SÃO PAULO, SP (UOL/FOLHAPRESS) – A Polícia Civil de Goiás concluiu nesta segunda-feira (15) o inquérito e indiciou uma babá de 41 anos por homicídio qualificado majorado pela morte de uma menina de 2 anos em Aparecida de Goiânia (GO).
Maria Lyz Barros da Silva, de 2 anos, morreu em 22 de maio de após dar entrada desacordada no CAIS (Centro de Atendimento Integrado à Saúde). A investigada, que trabalhava como babá e está presa preventivamente, levou a criança ao centro de saúde alegando que a menina teria sofrido um acidente doméstico enquanto dormia.
Segundo a suspeita, que se apresentou como tia da criança, um espelho teria caído sobre a menina durante a madrugada. De acordo com o inquérito, porém, a versão não se sustenta. Uma perícia no local encontrou “o espelho íntegro e encostado na parede, sem sinais de queda, e uma reprodução simulada concluiu que o relato é incompatível com a data das lesões”.
Profissionais de saúde acionaram a Guarda Civil Metropolitana após suspeitarem de maus-tratos ao atender a criança na unidade. A conselheira tutelar Élita Arantes relatou à TV Anhanguera que a equipe médica considerou o histórico das marcas no corpo ao avaliar o caso: “Um relato da médica foi que o fato de um hematoma estar roxo caracteriza que a lesão havia acontecido há dias”.
O laudo do exame cadavérico concluiu que a criança morreu em decorrência de uma grande perda de sangue provocada por um trauma no rim causado por um objeto.
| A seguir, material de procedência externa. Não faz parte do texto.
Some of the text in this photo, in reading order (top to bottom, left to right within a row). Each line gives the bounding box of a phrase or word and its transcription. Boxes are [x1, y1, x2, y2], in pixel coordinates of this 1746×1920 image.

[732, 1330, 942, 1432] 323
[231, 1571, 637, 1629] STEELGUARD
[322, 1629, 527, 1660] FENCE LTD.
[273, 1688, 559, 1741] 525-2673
Segundo a Polícia Civil, o documento também identificou pelo menos três grupos de lesões de idades diferentes, com cerca de cinco dias, três dias e menos de 12 horas, além de marcas compatíveis com queimaduras. Ao chegar no hospital, a criança apresentava marcas distintas no corpo e no rosto.
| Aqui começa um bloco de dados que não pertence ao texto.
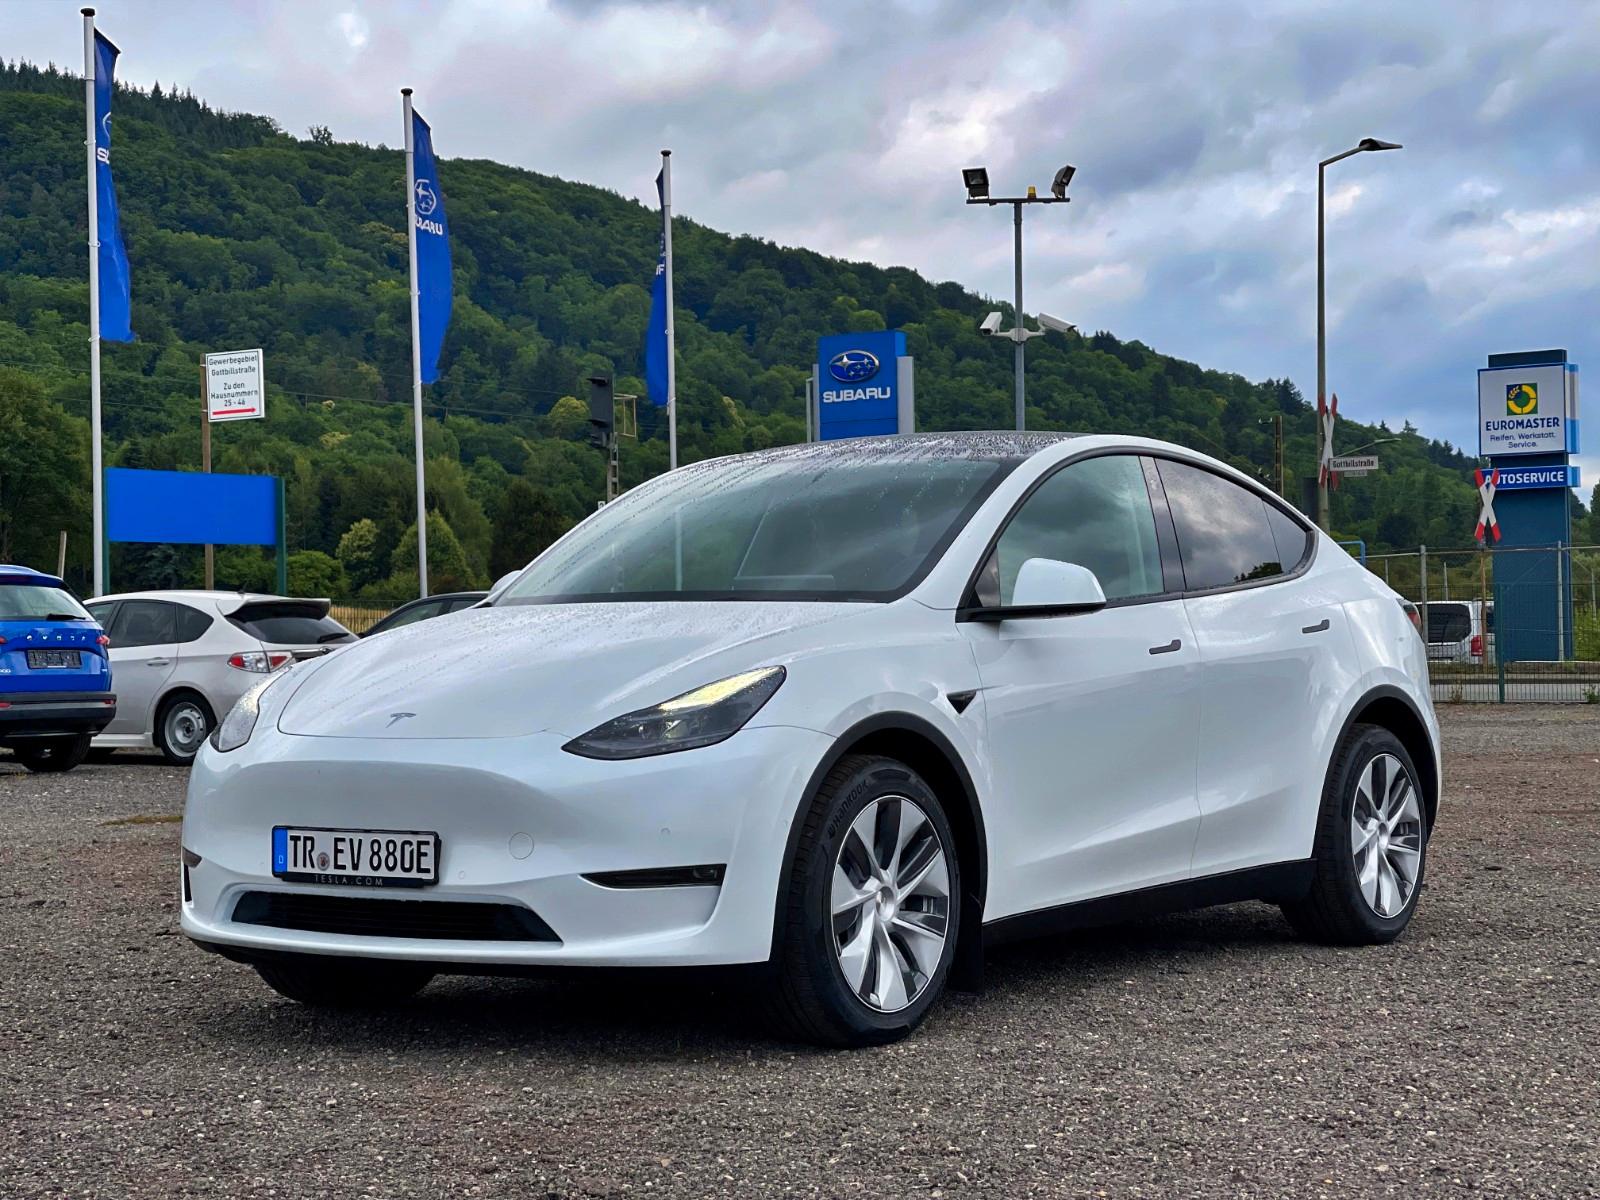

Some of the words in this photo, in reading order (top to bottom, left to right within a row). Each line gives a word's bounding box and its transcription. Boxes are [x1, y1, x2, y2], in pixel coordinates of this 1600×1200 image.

[211, 390, 258, 399] Hausnummern
[822, 386, 891, 403] SUBARU
[1485, 416, 1560, 432] EUROMASTER
[1484, 471, 1564, 484] ATOSERVICE
[278, 855, 284, 864] D
[289, 835, 315, 869] TR
[333, 837, 363, 871] EV
[369, 839, 431, 874] 880E
[314, 875, 384, 886] TESLA.COM
Para os investigadores, a lesão que levou à morte foi produzida cerca de três dias antes do óbito, em 19 de maio, quando a menina estaria apenas sob os cuidados da babá. A polícia afirma que três laudos periciais independentes refutaram a hipótese de acidente. O pai da criança também está sob investigação.
O QUE A INVESTIGAÇÃO APONTA
De acordo com a Polícia Civil, vestígios de sangue foram encontrados em diferentes pontos da casa da investigada, com indícios de movimentação e possível limpeza prévia. O Grupo de Investigação de Homicídios (GIH) de Aparecida de Goiânia ouviu 18 pessoas durante 24 dias de apuração, incluindo testemunhas, profissionais do CAIS, familiares e a própria babá.
A polícia também diz que laudos complementares, como extração de dados do celular da investigada e exame de DNA, ainda serão encaminhados ao juízo quando ficarem prontos. O caso agora aguarda análise do Ministério Público, que pode apresentar denúncia para abertura de ação penal.